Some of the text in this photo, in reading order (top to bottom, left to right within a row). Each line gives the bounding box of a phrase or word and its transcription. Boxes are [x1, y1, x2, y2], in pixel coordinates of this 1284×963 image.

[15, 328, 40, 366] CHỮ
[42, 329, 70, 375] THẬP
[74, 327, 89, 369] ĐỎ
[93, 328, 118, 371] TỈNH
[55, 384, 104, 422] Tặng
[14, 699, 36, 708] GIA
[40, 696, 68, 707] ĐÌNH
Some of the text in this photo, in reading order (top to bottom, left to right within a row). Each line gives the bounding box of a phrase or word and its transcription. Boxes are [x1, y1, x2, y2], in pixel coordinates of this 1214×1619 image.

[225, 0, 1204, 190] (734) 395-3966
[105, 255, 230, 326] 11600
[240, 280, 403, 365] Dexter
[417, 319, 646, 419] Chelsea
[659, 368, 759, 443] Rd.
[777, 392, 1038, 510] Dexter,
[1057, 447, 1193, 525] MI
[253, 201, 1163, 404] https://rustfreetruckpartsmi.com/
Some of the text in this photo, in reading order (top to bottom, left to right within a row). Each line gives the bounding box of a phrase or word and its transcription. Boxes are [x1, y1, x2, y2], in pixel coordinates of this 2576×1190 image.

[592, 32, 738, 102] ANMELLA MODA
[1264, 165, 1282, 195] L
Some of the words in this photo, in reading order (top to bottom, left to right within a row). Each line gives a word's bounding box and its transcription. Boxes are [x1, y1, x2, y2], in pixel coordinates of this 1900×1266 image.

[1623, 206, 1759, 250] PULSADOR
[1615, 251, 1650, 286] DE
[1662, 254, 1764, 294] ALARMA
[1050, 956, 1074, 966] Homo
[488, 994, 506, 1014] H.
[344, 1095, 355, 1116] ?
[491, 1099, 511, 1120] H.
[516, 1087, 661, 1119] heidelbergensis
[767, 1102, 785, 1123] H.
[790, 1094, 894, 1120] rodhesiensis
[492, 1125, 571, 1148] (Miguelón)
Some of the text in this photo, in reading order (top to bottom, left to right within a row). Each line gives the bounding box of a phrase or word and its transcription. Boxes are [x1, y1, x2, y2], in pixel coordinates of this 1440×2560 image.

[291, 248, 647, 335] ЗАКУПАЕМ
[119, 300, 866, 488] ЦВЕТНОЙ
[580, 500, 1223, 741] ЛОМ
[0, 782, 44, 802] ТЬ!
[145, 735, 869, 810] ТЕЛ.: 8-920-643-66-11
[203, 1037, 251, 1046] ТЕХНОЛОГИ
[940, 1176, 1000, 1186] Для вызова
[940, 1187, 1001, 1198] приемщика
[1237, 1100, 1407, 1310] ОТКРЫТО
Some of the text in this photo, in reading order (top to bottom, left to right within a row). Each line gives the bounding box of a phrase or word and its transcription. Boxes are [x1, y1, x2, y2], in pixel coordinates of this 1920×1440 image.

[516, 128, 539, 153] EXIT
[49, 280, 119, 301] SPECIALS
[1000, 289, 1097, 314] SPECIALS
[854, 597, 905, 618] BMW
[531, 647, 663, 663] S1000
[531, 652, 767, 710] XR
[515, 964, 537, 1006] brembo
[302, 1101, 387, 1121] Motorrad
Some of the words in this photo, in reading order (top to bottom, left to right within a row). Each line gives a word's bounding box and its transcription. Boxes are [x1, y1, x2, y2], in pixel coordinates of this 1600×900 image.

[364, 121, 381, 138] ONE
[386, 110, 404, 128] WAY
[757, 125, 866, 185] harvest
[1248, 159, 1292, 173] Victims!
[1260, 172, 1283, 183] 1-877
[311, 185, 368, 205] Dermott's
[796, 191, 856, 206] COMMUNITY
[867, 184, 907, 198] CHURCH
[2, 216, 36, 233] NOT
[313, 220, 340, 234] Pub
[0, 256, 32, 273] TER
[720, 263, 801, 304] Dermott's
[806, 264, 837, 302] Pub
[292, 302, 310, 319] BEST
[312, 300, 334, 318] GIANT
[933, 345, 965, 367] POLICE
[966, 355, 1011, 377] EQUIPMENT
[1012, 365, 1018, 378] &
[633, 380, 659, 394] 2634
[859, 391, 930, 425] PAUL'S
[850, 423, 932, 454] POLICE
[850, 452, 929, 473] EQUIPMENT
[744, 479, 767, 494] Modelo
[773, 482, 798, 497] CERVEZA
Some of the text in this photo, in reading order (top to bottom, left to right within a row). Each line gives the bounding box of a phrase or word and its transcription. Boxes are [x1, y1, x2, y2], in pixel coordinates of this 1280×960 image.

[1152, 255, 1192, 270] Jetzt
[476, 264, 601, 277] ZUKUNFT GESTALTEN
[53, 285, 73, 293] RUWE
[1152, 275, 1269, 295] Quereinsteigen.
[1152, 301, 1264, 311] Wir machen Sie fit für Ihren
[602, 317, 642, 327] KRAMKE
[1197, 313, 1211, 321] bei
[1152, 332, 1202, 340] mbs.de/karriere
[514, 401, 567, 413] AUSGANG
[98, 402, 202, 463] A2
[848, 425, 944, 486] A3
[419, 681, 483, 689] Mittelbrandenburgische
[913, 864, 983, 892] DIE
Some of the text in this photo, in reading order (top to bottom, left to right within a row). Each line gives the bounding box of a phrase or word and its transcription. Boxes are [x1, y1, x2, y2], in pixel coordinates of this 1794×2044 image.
================================
→ **WORK TO COMPLETE**:
In full and exactly as written, reproduce the records above.

→ **TASK ANSWER**:
Some of the text in this photo, in reading order (top to bottom, left to right within a row). Each line gives the bounding box of a phrase or word and its transcription. Boxes are [x1, y1, x2, y2], in pixel coordinates of this 1284×963 image.

[15, 328, 40, 366] CHỮ
[42, 329, 70, 375] THẬP
[74, 327, 89, 369] ĐỎ
[93, 328, 118, 371] TỈNH
[55, 384, 104, 422] Tặng
[14, 699, 36, 708] GIA
[40, 696, 68, 707] ĐÌNH
Some of the text in this photo, in reading order (top to bottom, left to right within a row). Each line gives the bounding box of a phrase or word and its transcription. Boxes are [x1, y1, x2, y2], in pixel coordinates of this 1214×1619 image.

[225, 0, 1204, 190] (734) 395-3966
[105, 255, 230, 326] 11600
[240, 280, 403, 365] Dexter
[417, 319, 646, 419] Chelsea
[659, 368, 759, 443] Rd.
[777, 392, 1038, 510] Dexter,
[1057, 447, 1193, 525] MI
[253, 201, 1163, 404] https://rustfreetruckpartsmi.com/
Some of the text in this photo, in reading order (top to bottom, left to right within a row). Each line gives the bounding box of a phrase or word and its transcription. Boxes are [x1, y1, x2, y2], in pixel coordinates of this 2576×1190 image.

[592, 32, 738, 102] ANMELLA MODA
[1264, 165, 1282, 195] L
Some of the words in this photo, in reading order (top to bottom, left to right within a row). Each line gives a word's bounding box and its transcription. Boxes are [x1, y1, x2, y2], in pixel coordinates of this 1900×1266 image.

[1623, 206, 1759, 250] PULSADOR
[1615, 251, 1650, 286] DE
[1662, 254, 1764, 294] ALARMA
[1050, 956, 1074, 966] Homo
[488, 994, 506, 1014] H.
[344, 1095, 355, 1116] ?
[491, 1099, 511, 1120] H.
[516, 1087, 661, 1119] heidelbergensis
[767, 1102, 785, 1123] H.
[790, 1094, 894, 1120] rodhesiensis
[492, 1125, 571, 1148] (Miguelón)
Some of the text in this photo, in reading order (top to bottom, left to right within a row). Each line gives the bounding box of a phrase or word and its transcription. Boxes are [x1, y1, x2, y2], in pixel coordinates of this 1440×2560 image.

[291, 248, 647, 335] ЗАКУПАЕМ
[119, 300, 866, 488] ЦВЕТНОЙ
[580, 500, 1223, 741] ЛОМ
[0, 782, 44, 802] ТЬ!
[145, 735, 869, 810] ТЕЛ.: 8-920-643-66-11
[203, 1037, 251, 1046] ТЕХНОЛОГИ
[940, 1176, 1000, 1186] Для вызова
[940, 1187, 1001, 1198] приемщика
[1237, 1100, 1407, 1310] ОТКРЫТО
Some of the text in this photo, in reading order (top to bottom, left to right within a row). Each line gives the bounding box of a phrase or word and its transcription. Boxes are [x1, y1, x2, y2], in pixel coordinates of this 1920×1440 image.

[516, 128, 539, 153] EXIT
[49, 280, 119, 301] SPECIALS
[1000, 289, 1097, 314] SPECIALS
[854, 597, 905, 618] BMW
[531, 647, 663, 663] S1000
[531, 652, 767, 710] XR
[515, 964, 537, 1006] brembo
[302, 1101, 387, 1121] Motorrad
Some of the words in this photo, in reading order (top to bottom, left to right within a row). Each line gives a word's bounding box and its transcription. Boxes are [x1, y1, x2, y2], in pixel coordinates of this 1600×900 image.

[364, 121, 381, 138] ONE
[386, 110, 404, 128] WAY
[757, 125, 866, 185] harvest
[1248, 159, 1292, 173] Victims!
[1260, 172, 1283, 183] 1-877
[311, 185, 368, 205] Dermott's
[796, 191, 856, 206] COMMUNITY
[867, 184, 907, 198] CHURCH
[2, 216, 36, 233] NOT
[313, 220, 340, 234] Pub
[0, 256, 32, 273] TER
[720, 263, 801, 304] Dermott's
[806, 264, 837, 302] Pub
[292, 302, 310, 319] BEST
[312, 300, 334, 318] GIANT
[933, 345, 965, 367] POLICE
[966, 355, 1011, 377] EQUIPMENT
[1012, 365, 1018, 378] &
[633, 380, 659, 394] 2634
[859, 391, 930, 425] PAUL'S
[850, 423, 932, 454] POLICE
[850, 452, 929, 473] EQUIPMENT
[744, 479, 767, 494] Modelo
[773, 482, 798, 497] CERVEZA
Some of the text in this photo, in reading order (top to bottom, left to right within a row). Each line gives the bounding box of a phrase or word and its transcription. Boxes are [x1, y1, x2, y2], in pixel coordinates of this 1280×960 image.

[1152, 255, 1192, 270] Jetzt
[476, 264, 601, 277] ZUKUNFT GESTALTEN
[53, 285, 73, 293] RUWE
[1152, 275, 1269, 295] Quereinsteigen.
[1152, 301, 1264, 311] Wir machen Sie fit für Ihren
[602, 317, 642, 327] KRAMKE
[1197, 313, 1211, 321] bei
[1152, 332, 1202, 340] mbs.de/karriere
[514, 401, 567, 413] AUSGANG
[98, 402, 202, 463] A2
[848, 425, 944, 486] A3
[419, 681, 483, 689] Mittelbrandenburgische
[913, 864, 983, 892] DIE
Some of the text in this photo, in reading order (top to bottom, left to right within a row). Each line gives the bounding box of a phrase or word and its transcription. Boxes are [x1, y1, x2, y2], in pixel coordinates of this 1794×2044 image.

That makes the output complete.